How privileged we were, to have a job with a 3 percent match. And how crazy it is that the chance to gamble your own hard-earned money on the stock market — because the choice is either that or post your personal sob story on GoFundMe — is, in this country, privileged?
By now I hope it's clear that I have no idea what the stock market did this week, or is doing, or will do. But when we are talking about the stock market, what we are talking about is how 35 percent of working-age Americans, according to the Census Bureau, have money in 401(k)s or similar accounts (18 percent have IRAs, and about 14 percent have pensions), and how each of us walked into an HR office at one point believing that we were holding up our end of the bargain. And how each of us saw this week that we might be in charge of our own destinies, but our destinies could explode if one man decided to roll out of bed and declare 145 percent tariffs on China.

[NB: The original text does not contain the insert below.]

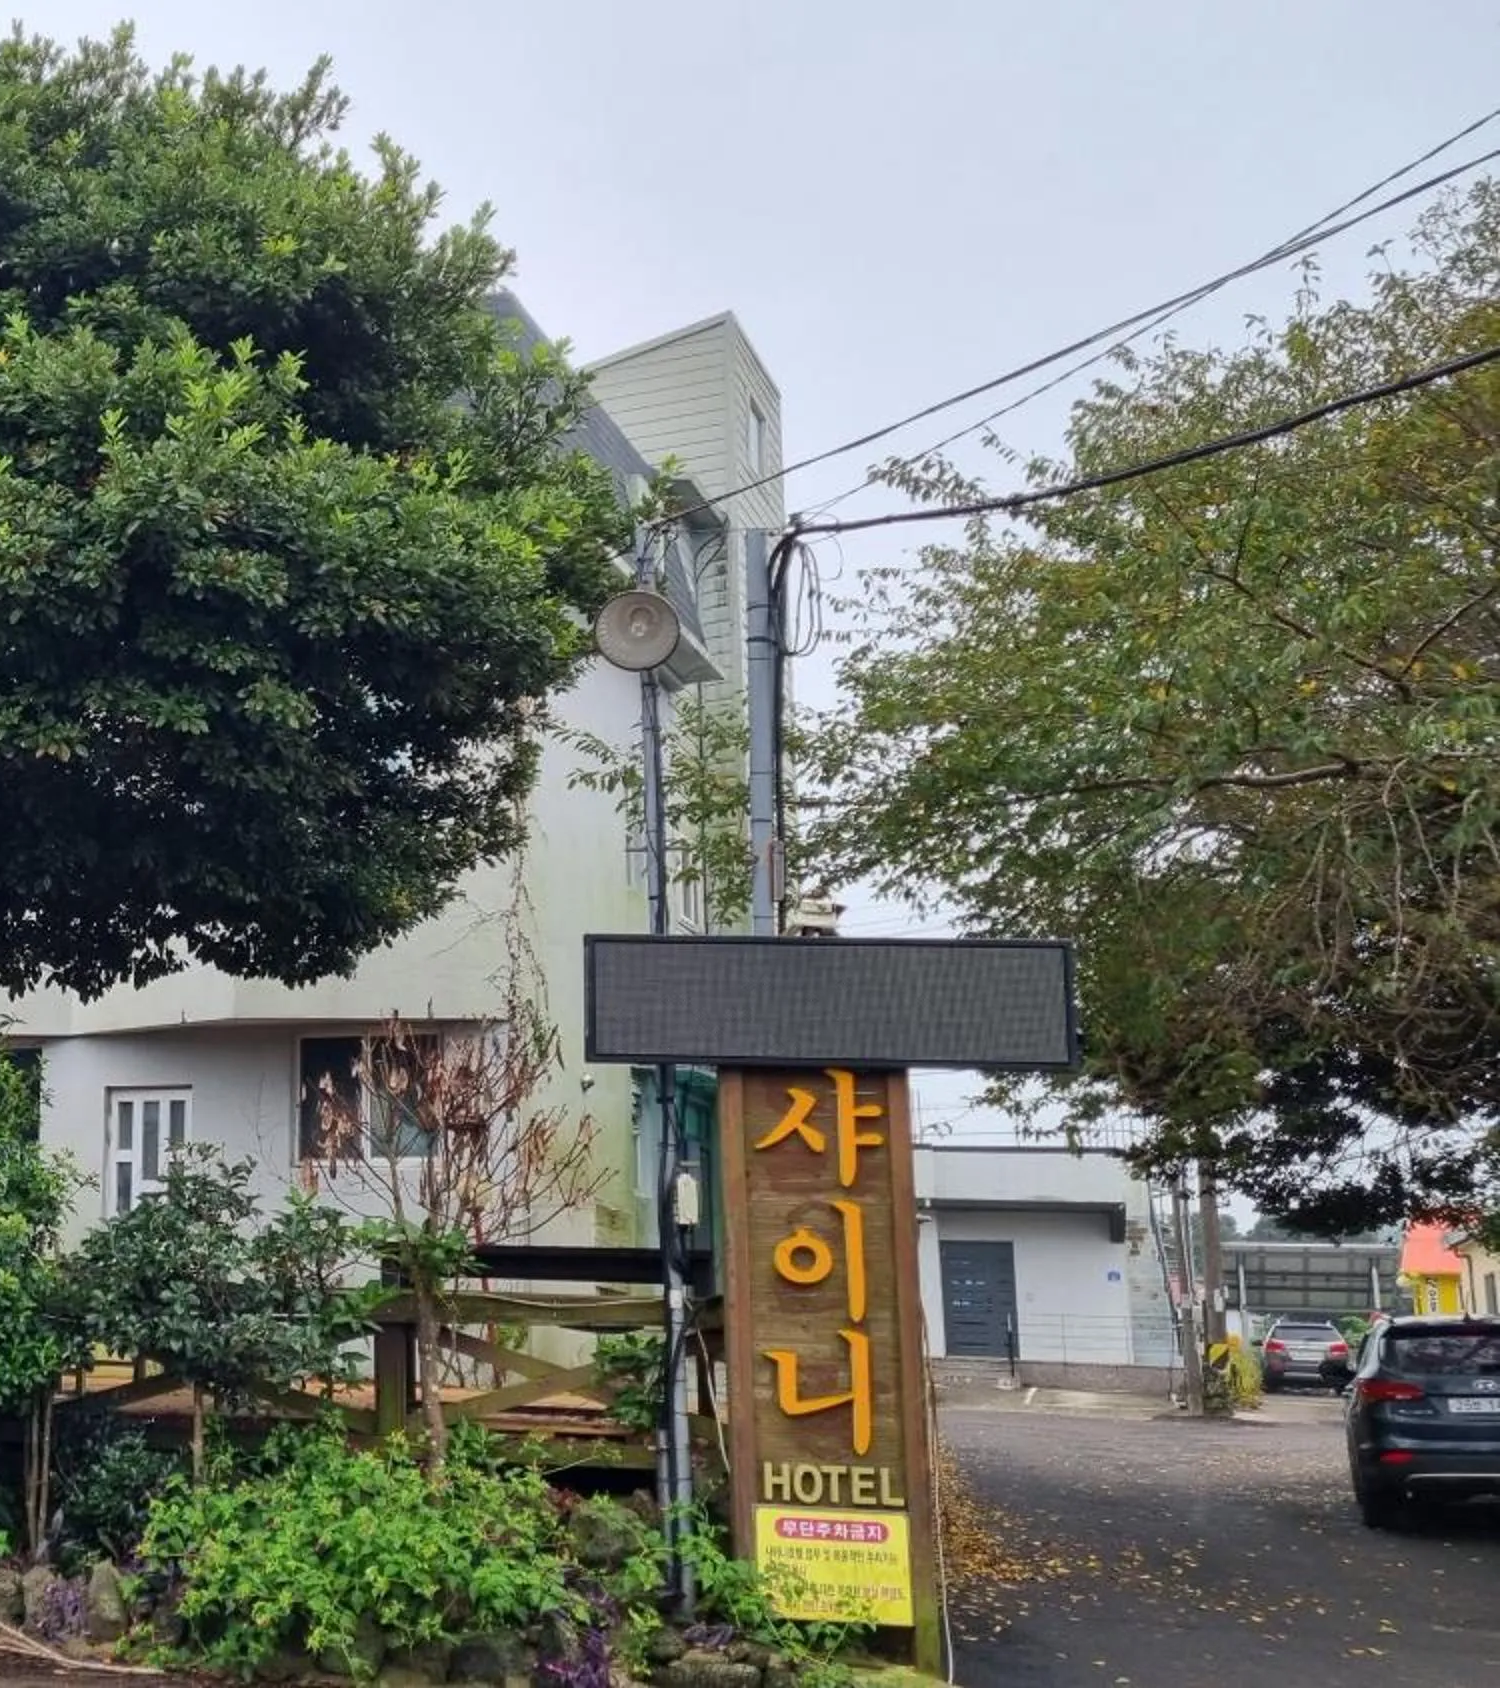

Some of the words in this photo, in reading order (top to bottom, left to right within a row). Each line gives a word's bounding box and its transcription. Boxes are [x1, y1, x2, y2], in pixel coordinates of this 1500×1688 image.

There's no bargain there. Not in any sense of the word. There are only the expectations of progress we have been trained to have in this country. That stock markets would rebound, that things would be better for our kids. Three percent better, maybe, with a 100 percent match.
I've also found myself thinking a lot about Florence Thompson this week. In 1936, Thompson was a mother of seven, following crop patterns along the West Coast, as her family eked out a living picking their way through those fields. Outside a pea farm in California, the car broke down and Thompson and her children set up a temporary camp, while Thompson's partner set out to acquire what was needed to get them back on the road again.
They stayed awhile, days or weeks, and at one point a photographer named Dorothea Lange stopped by and asked to take Thompson's photograph, and those images — Thompson nursing one rag-clad child, two others burying their faces in her shoulders, Thompson's hand grazing her chin as she stares out into bleakness and dust — those images became the defining portraits of the Great Depression, a time that nobody would aspire to return to.
The first Social Security payments hadn't been doled out when those photos were taken. They would happen the following year. Medicaid arrived in 1965. Section Eight housing came in 1974. 401(k)s came in 1978. All of those changes would be within Thompson's lifetime. I wonder whether she understood, then, that things would get better, that the country would try really hard to figure out how to provide for its struggling residents.
There's a rocking chair in one of the images. If you're familiar with only the most famous portrait, a close-up, you might not have realized that. But if you look at the whole set of pictures, you'll see: Thompson and her children are sitting in a three-sided tent, and there are wooden crates and a few steamer trunks, and in front of all of it there's an intricate rocking chair.
I think about the possibility that Florence Thompson packed up that rocking chair every time she and her children moved. How cumbersome it would have been. How impractical. But how she took it with her anyway, a promise for a better future. The best she could do, everything she had in the world.